WORKING DATA: Begin

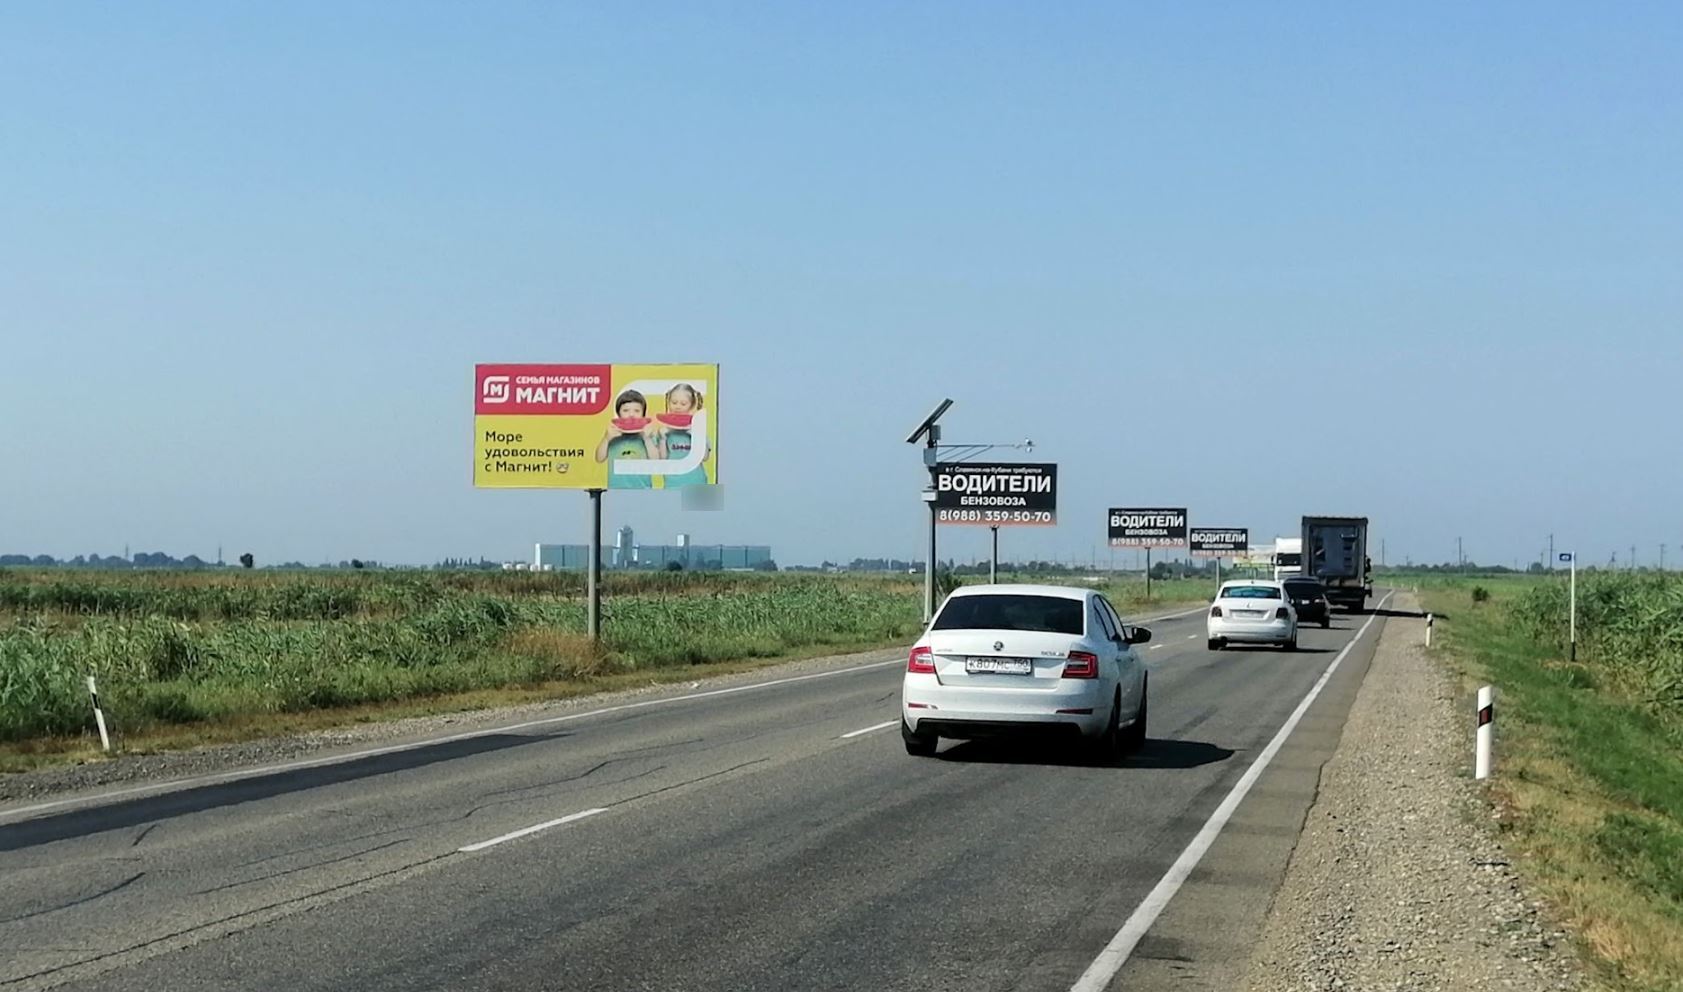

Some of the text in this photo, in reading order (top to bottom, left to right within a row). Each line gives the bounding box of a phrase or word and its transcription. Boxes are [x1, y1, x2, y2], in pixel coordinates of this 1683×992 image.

[516, 376, 600, 385] СЕМЬЯ МАГАЗИНОВ
[516, 387, 600, 404] МАГНИТ
[485, 431, 523, 445] Море
[485, 448, 585, 460] удовольствия
[485, 461, 552, 472] с Магнит!
[938, 474, 1051, 495] ВОДИТЕЛИ
[960, 496, 1027, 506] БЕНЗОВОЗА
[940, 509, 1051, 522] 8(988) 359-50-70
[1110, 515, 1184, 529] ВОДИТЕЛИ
[1191, 533, 1246, 544] ВОДИТЕЛИ

WORKING DATA: End

WHAT TO DO
Please make an exact copy of the records, leaving out any picture.

SOLUTION
Some of the text in this photo, in reading order (top to bottom, left to right within a row). Each line gives the bounding box of a phrase or word and its transcription. Boxes are [x1, y1, x2, y2], in pixel coordinates of this 1683×992 image.

[516, 376, 600, 385] СЕМЬЯ МАГАЗИНОВ
[516, 387, 600, 404] МАГНИТ
[485, 431, 523, 445] Море
[485, 448, 585, 460] удовольствия
[485, 461, 552, 472] с Магнит!
[938, 474, 1051, 495] ВОДИТЕЛИ
[960, 496, 1027, 506] БЕНЗОВОЗА
[940, 509, 1051, 522] 8(988) 359-50-70
[1110, 515, 1184, 529] ВОДИТЕЛИ
[1191, 533, 1246, 544] ВОДИТЕЛИ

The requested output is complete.